When something is “represented”, a neural process takes place, on the basis of which the psyche becomes conscious of its representation; when something is “felt”, a modification is effected in the breathing rhythm, through which a feeling comes to life; and in the same way, when something is “willed”, a metabolic process occurs that is the somatic foundation for what the psyche experiences as willing. It should be noted however that it is only in the first case (representation mediated by the nervous system) that the experience is a fully conscious, waking experience. What is mediated through the breathing-rhythm (including in this category everything in the nature of feelings, affects, passions and the like) subsists in normal consciousness with the force only of representations that are dreamed.

Rudolf Steiner, The Riddles of the Soul (GA 21, 1917)

The lasting contribution of this idea is the threefold soul: thinking, feeling, and willing read not as three faculties stacked in the head but as three activities, each anchored in a different region of the body. Thinking lives in the nerve-sense system that has its focus in the head and the cool, awake clarity of the nerves. Feeling lives in the rhythmic system of breathing and heartbeat that swings between sympathy and antipathy the way the breath swings between in and out. Willing lives in the metabolic-limb system, in digestion and movement, where the soul is as good as asleep even while a person is busy at work. Steiner held the three apart deliberately, because the older psychology of Franz Brentano and Theodor Ziehen had tried to fold feeling and will back into thinking and pin the whole soul to the nerves alone.

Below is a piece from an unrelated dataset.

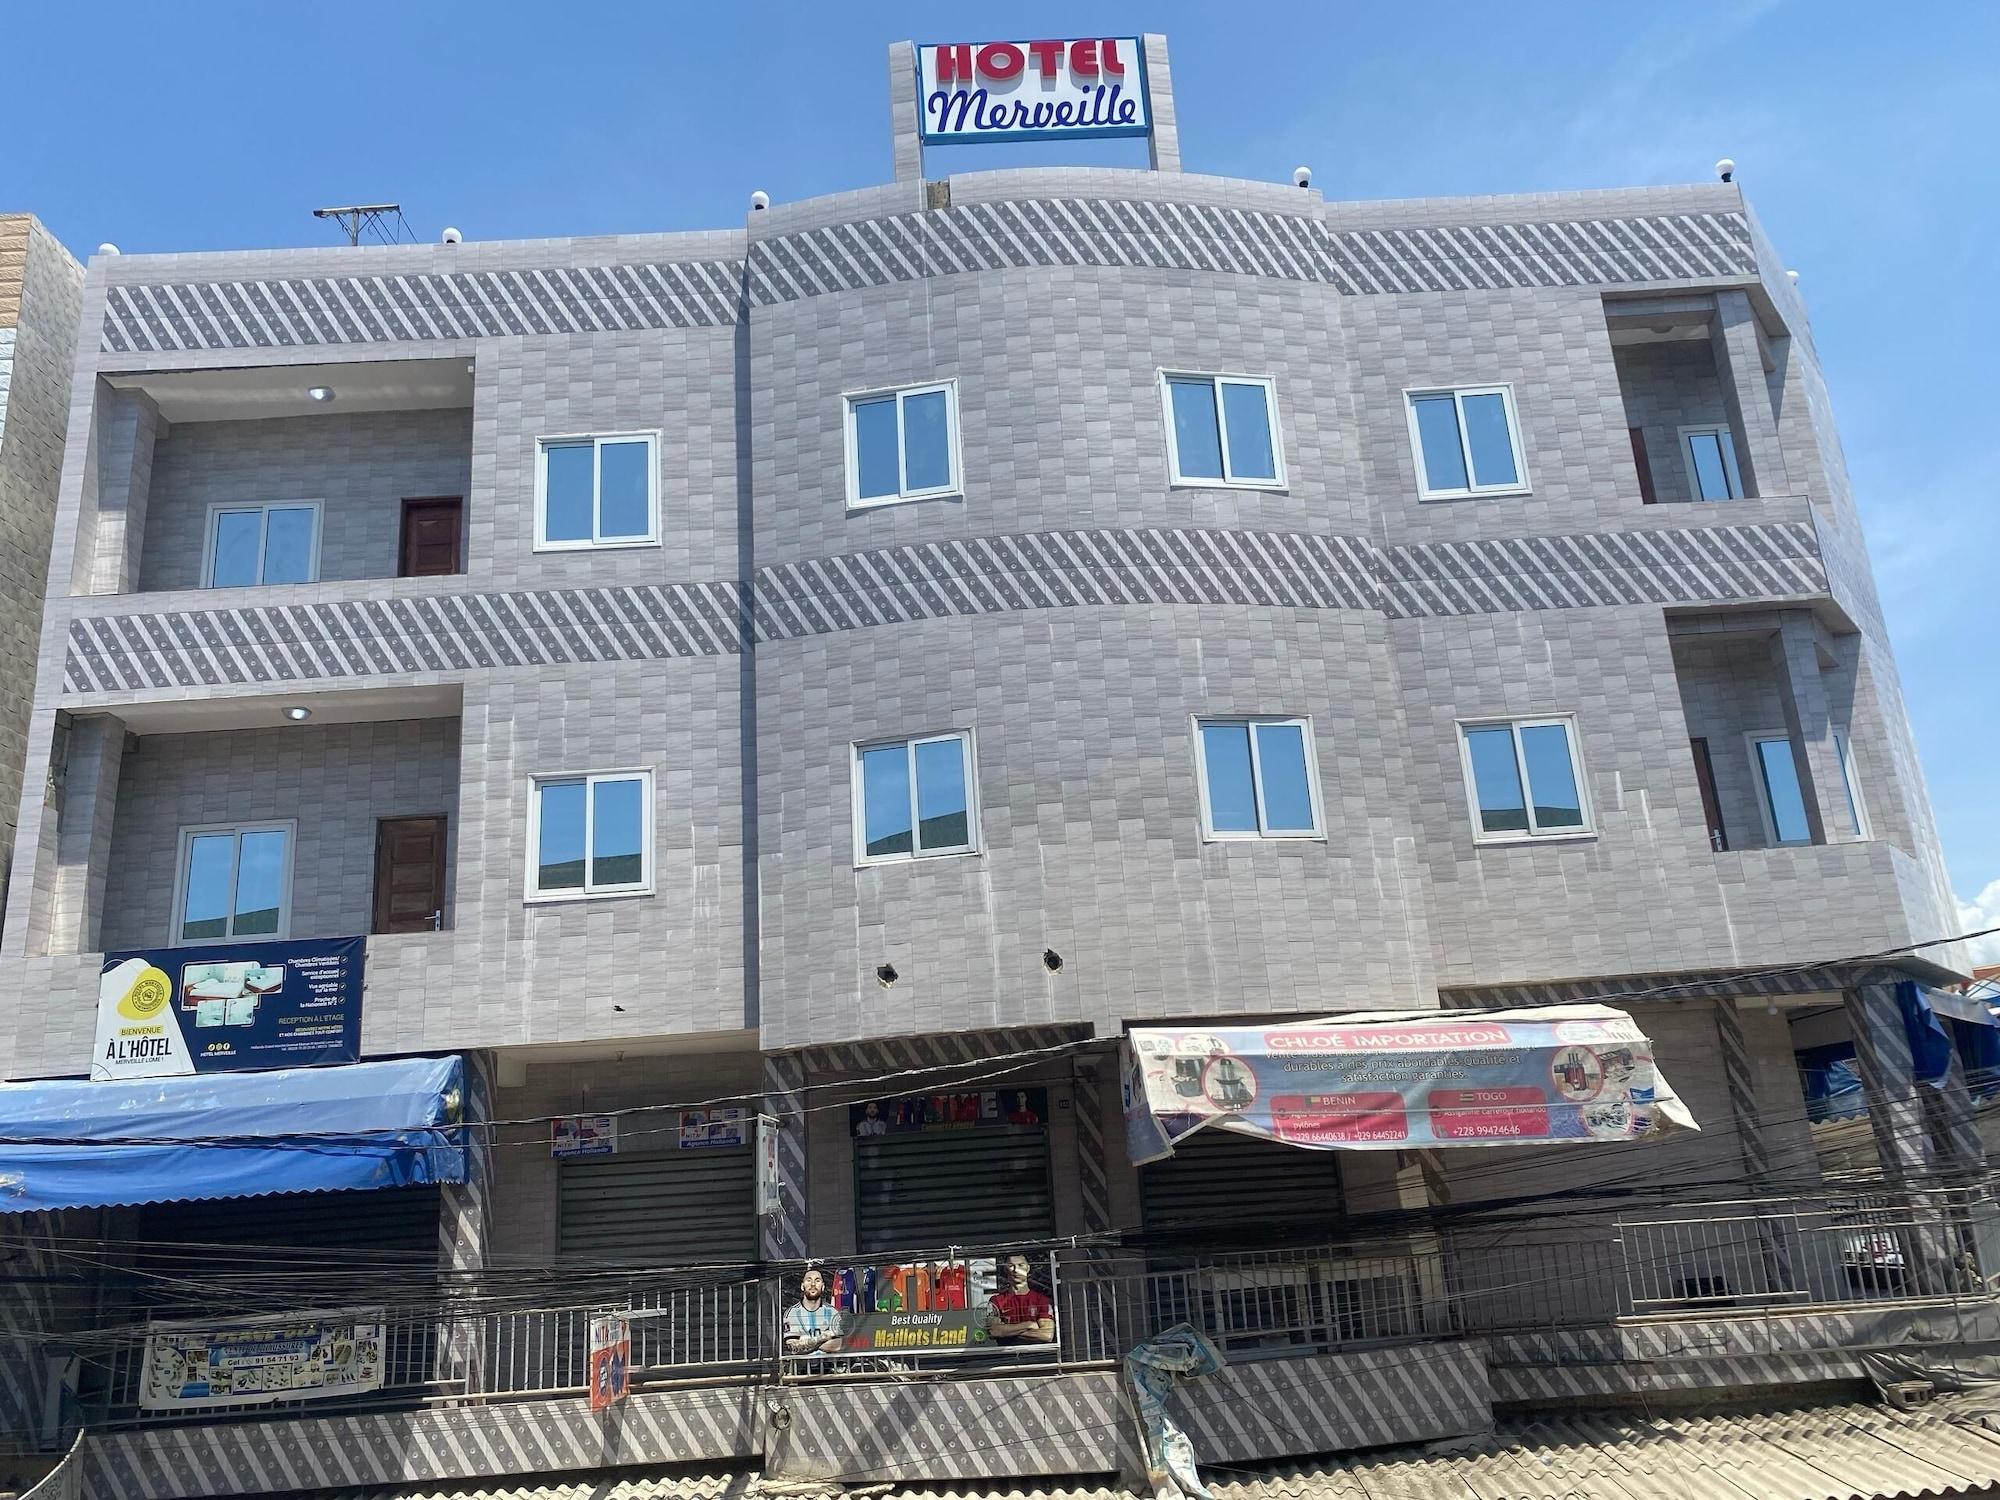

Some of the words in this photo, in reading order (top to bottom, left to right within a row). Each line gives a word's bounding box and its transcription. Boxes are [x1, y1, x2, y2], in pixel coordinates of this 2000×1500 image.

That single move, mapping each soul activity to its own bodily system, became the working basis for two practical lineages. A Waldorf teacher plans a lesson to reach the head with clear pictures, the heart with rhythm and story, and the hands with real doing, so that thinking, feeling, and willing each get their due across the day. An anthroposophic physician reads an illness as a disturbance in the balance among the three, asking whether a patient has grown too nerve-bright and sleepless or too sunk in the metabolic pole. The triad gives both a shared map of the human being as head, heart, and hand held in one living whole.